◆ **REQUIRED ACTION**: An acceptable answer repeats exactly the line with "this 1800×1800 image." and each line after it through the end of the entries, and includes nothing else.

◆ **INFORMATION SUPPLIED**:
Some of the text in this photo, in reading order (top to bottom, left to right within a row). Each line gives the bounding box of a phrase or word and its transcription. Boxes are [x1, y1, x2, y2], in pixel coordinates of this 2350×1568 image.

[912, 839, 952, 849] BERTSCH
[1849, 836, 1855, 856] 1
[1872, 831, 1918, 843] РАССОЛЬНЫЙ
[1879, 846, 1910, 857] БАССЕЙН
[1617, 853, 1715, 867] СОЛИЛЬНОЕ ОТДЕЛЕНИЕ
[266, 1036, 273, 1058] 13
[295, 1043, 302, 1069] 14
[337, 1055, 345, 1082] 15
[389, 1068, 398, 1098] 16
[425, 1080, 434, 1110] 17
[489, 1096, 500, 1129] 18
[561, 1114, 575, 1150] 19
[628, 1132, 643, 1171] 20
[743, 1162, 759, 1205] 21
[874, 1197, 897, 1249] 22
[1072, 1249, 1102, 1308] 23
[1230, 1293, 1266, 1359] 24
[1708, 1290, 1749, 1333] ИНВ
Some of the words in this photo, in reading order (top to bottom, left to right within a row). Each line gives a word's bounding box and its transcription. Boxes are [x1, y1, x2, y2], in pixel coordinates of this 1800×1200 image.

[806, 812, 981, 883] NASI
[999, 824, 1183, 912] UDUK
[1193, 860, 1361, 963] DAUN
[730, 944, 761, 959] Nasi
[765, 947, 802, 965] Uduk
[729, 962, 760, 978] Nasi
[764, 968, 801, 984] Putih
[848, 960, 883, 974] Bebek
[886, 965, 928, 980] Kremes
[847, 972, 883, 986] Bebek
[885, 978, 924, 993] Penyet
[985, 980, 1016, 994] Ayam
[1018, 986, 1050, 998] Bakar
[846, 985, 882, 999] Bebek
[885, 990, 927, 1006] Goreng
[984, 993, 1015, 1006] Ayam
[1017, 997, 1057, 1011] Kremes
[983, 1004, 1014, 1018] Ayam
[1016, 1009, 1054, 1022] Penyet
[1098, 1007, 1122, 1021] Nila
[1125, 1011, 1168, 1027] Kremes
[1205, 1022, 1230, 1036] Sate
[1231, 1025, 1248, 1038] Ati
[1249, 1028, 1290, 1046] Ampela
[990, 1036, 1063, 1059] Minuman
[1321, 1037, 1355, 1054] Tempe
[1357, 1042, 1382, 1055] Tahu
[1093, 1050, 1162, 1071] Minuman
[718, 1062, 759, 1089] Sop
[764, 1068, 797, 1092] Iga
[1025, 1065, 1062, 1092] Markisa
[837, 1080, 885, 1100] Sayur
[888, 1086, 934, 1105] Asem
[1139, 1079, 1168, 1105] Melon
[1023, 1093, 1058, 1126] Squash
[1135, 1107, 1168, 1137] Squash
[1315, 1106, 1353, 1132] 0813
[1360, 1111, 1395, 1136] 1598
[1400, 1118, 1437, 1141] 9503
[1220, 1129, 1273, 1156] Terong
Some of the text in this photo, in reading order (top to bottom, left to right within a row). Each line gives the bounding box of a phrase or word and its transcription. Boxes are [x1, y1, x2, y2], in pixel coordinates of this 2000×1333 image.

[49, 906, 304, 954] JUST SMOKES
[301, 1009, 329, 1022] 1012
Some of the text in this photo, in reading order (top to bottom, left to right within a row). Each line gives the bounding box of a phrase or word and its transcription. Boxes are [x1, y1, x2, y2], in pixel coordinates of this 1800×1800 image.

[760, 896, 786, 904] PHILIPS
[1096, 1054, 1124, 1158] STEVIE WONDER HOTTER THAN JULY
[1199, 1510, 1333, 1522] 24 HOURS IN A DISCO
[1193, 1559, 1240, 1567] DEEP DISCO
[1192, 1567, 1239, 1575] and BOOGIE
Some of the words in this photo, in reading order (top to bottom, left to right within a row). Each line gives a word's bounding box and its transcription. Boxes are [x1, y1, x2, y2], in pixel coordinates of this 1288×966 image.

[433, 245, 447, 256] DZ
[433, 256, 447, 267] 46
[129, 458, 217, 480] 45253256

◆ **RESULT FOR THIS TASK**:
Some of the text in this photo, in reading order (top to bottom, left to right within a row). Each line gives the bounding box of a phrase or word and its transcription. Boxes are [x1, y1, x2, y2], in pixel coordinates of this 1800×1800 image.

[760, 896, 786, 904] PHILIPS
[1096, 1054, 1124, 1158] STEVIE WONDER HOTTER THAN JULY
[1199, 1510, 1333, 1522] 24 HOURS IN A DISCO
[1193, 1559, 1240, 1567] DEEP DISCO
[1192, 1567, 1239, 1575] and BOOGIE
Some of the words in this photo, in reading order (top to bottom, left to right within a row). Each line gives a word's bounding box and its transcription. Boxes are [x1, y1, x2, y2], in pixel coordinates of this 1288×966 image.

[433, 245, 447, 256] DZ
[433, 256, 447, 267] 46
[129, 458, 217, 480] 45253256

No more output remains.